# [What you have to do]
Starting at the line with "this 2048×1367 image." in it, reproduce each line below through the last one, exactly, and include nothing else.

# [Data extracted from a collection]
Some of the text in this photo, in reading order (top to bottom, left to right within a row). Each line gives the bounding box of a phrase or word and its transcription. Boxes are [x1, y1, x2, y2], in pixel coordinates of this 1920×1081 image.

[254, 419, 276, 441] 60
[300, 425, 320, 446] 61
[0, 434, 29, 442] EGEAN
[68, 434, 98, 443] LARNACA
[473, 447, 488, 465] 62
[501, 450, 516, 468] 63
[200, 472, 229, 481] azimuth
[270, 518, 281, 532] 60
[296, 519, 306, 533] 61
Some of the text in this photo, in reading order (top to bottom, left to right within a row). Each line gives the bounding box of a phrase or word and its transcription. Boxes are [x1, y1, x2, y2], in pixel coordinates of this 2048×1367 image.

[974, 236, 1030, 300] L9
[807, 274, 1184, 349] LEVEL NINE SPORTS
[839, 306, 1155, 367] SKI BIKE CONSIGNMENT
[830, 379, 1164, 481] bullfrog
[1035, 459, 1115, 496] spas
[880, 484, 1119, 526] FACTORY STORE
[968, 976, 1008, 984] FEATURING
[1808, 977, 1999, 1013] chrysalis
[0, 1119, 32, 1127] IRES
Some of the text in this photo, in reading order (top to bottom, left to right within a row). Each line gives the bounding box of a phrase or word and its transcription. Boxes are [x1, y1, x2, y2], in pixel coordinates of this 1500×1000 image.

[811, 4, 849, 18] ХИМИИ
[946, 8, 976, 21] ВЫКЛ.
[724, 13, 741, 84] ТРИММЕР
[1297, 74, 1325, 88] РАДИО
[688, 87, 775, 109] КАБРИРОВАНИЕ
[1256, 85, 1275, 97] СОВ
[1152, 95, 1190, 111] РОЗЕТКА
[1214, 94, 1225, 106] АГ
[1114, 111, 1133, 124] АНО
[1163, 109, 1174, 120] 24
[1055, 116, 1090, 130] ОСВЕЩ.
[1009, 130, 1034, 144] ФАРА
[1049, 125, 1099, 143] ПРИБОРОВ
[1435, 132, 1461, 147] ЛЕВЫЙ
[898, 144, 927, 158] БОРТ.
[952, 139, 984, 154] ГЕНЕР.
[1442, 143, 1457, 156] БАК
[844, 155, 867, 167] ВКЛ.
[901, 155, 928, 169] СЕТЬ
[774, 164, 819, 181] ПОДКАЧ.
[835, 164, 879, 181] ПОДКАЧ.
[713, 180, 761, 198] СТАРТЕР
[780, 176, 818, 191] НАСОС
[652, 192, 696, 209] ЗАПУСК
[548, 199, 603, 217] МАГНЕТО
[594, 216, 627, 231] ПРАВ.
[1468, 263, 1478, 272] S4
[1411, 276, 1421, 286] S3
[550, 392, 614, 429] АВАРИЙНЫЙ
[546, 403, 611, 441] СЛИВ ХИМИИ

# [Answer to the exercise]
Some of the text in this photo, in reading order (top to bottom, left to right within a row). Each line gives the bounding box of a phrase or word and its transcription. Boxes are [x1, y1, x2, y2], in pixel coordinates of this 2048×1367 image.

[974, 236, 1030, 300] L9
[807, 274, 1184, 349] LEVEL NINE SPORTS
[839, 306, 1155, 367] SKI BIKE CONSIGNMENT
[830, 379, 1164, 481] bullfrog
[1035, 459, 1115, 496] spas
[880, 484, 1119, 526] FACTORY STORE
[968, 976, 1008, 984] FEATURING
[1808, 977, 1999, 1013] chrysalis
[0, 1119, 32, 1127] IRES
Some of the text in this photo, in reading order (top to bottom, left to right within a row). Each line gives the bounding box of a phrase or word and its transcription. Boxes are [x1, y1, x2, y2], in pixel coordinates of this 1500×1000 image.

[811, 4, 849, 18] ХИМИИ
[946, 8, 976, 21] ВЫКЛ.
[724, 13, 741, 84] ТРИММЕР
[1297, 74, 1325, 88] РАДИО
[688, 87, 775, 109] КАБРИРОВАНИЕ
[1256, 85, 1275, 97] СОВ
[1152, 95, 1190, 111] РОЗЕТКА
[1214, 94, 1225, 106] АГ
[1114, 111, 1133, 124] АНО
[1163, 109, 1174, 120] 24
[1055, 116, 1090, 130] ОСВЕЩ.
[1009, 130, 1034, 144] ФАРА
[1049, 125, 1099, 143] ПРИБОРОВ
[1435, 132, 1461, 147] ЛЕВЫЙ
[898, 144, 927, 158] БОРТ.
[952, 139, 984, 154] ГЕНЕР.
[1442, 143, 1457, 156] БАК
[844, 155, 867, 167] ВКЛ.
[901, 155, 928, 169] СЕТЬ
[774, 164, 819, 181] ПОДКАЧ.
[835, 164, 879, 181] ПОДКАЧ.
[713, 180, 761, 198] СТАРТЕР
[780, 176, 818, 191] НАСОС
[652, 192, 696, 209] ЗАПУСК
[548, 199, 603, 217] МАГНЕТО
[594, 216, 627, 231] ПРАВ.
[1468, 263, 1478, 272] S4
[1411, 276, 1421, 286] S3
[550, 392, 614, 429] АВАРИЙНЫЙ
[546, 403, 611, 441] СЛИВ ХИМИИ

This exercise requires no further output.